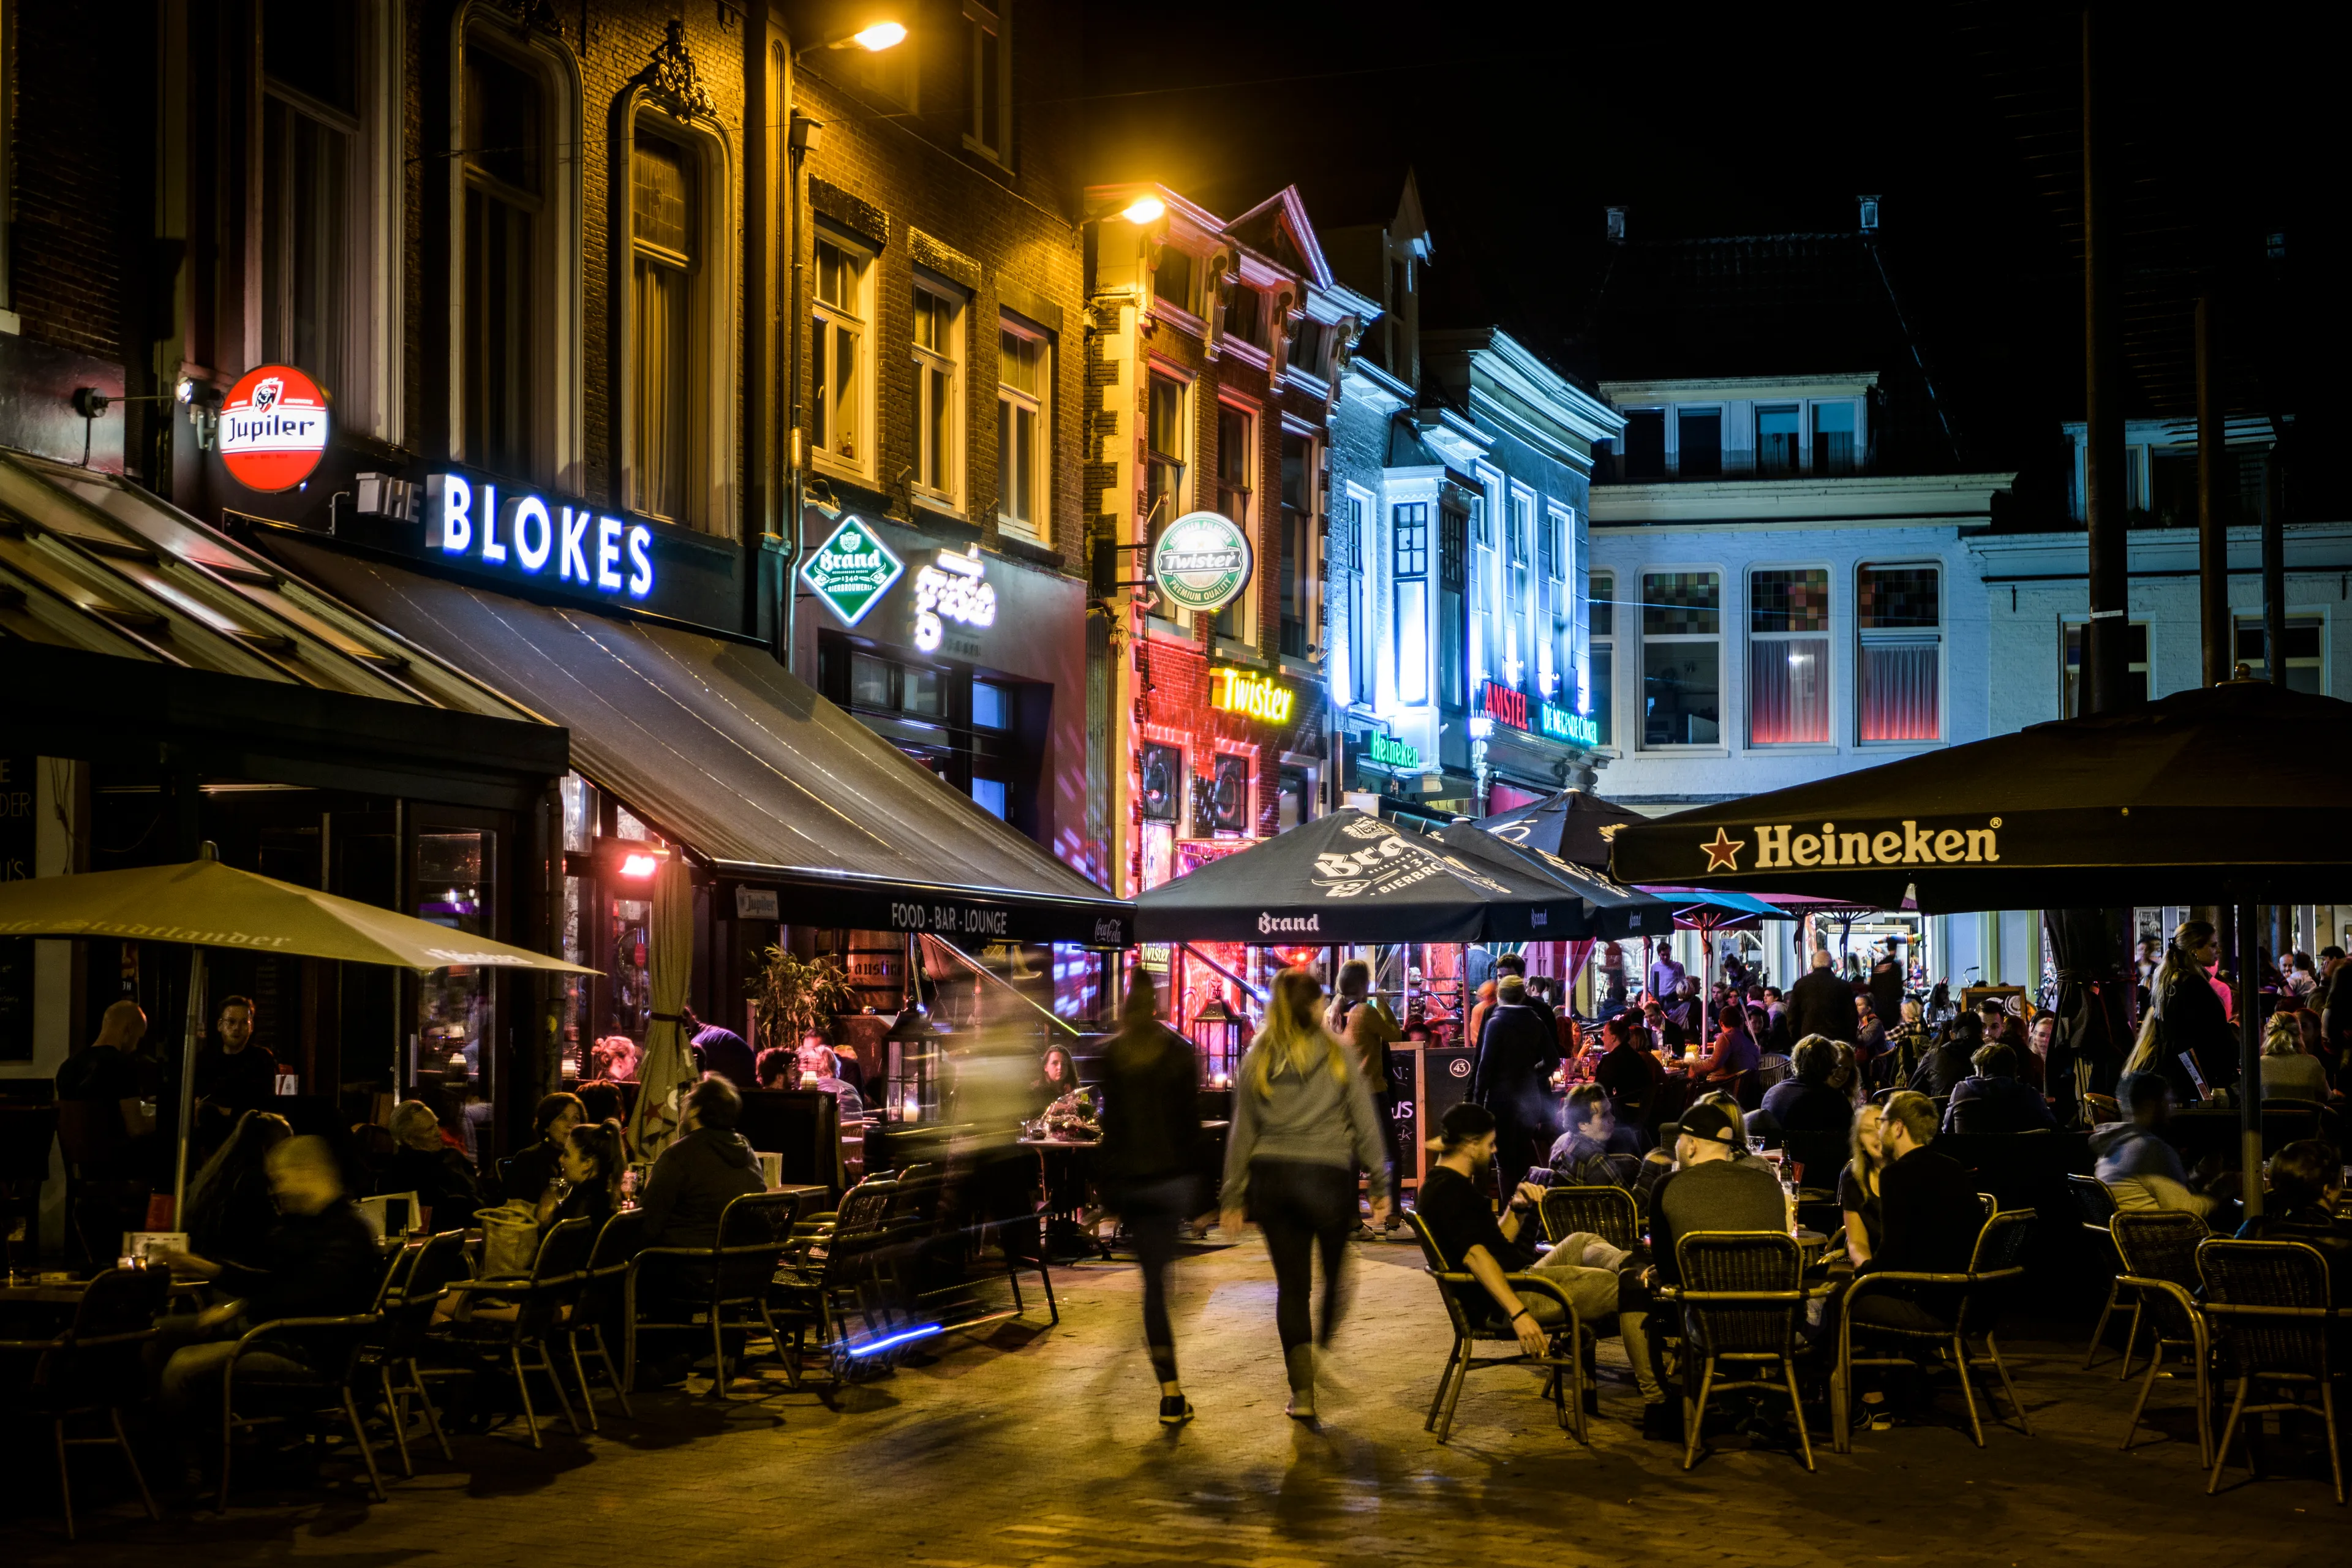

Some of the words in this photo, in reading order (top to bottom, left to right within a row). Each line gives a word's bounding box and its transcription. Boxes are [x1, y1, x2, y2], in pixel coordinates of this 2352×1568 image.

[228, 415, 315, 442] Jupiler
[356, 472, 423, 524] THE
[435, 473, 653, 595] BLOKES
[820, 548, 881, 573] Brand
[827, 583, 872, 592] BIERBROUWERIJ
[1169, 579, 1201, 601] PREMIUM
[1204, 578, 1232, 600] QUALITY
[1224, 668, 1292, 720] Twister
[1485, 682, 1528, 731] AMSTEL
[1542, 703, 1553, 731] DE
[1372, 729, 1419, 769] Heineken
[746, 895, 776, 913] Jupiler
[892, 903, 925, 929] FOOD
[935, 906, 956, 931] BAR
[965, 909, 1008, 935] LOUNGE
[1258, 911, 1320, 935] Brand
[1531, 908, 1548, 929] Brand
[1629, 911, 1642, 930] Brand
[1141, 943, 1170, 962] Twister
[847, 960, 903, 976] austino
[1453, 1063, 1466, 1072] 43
◇ ◇ ◇ ◇ ◇ ◇ ◇
- TO DO: Each entry needs to be retyped exactly; the pictures stay out.

- RESPONSE TO THE EXERCISE:
Some of the words in this photo, in reading order (top to bottom, left to right within a row). Each line gives a word's bounding box and its transcription. Boxes are [x1, y1, x2, y2], in pixel coordinates of this 2352×1568 image.

[228, 415, 315, 442] Jupiler
[356, 472, 423, 524] THE
[435, 473, 653, 595] BLOKES
[820, 548, 881, 573] Brand
[827, 583, 872, 592] BIERBROUWERIJ
[1169, 579, 1201, 601] PREMIUM
[1204, 578, 1232, 600] QUALITY
[1224, 668, 1292, 720] Twister
[1485, 682, 1528, 731] AMSTEL
[1542, 703, 1553, 731] DE
[1372, 729, 1419, 769] Heineken
[746, 895, 776, 913] Jupiler
[892, 903, 925, 929] FOOD
[935, 906, 956, 931] BAR
[965, 909, 1008, 935] LOUNGE
[1258, 911, 1320, 935] Brand
[1531, 908, 1548, 929] Brand
[1629, 911, 1642, 930] Brand
[1141, 943, 1170, 962] Twister
[847, 960, 903, 976] austino
[1453, 1063, 1466, 1072] 43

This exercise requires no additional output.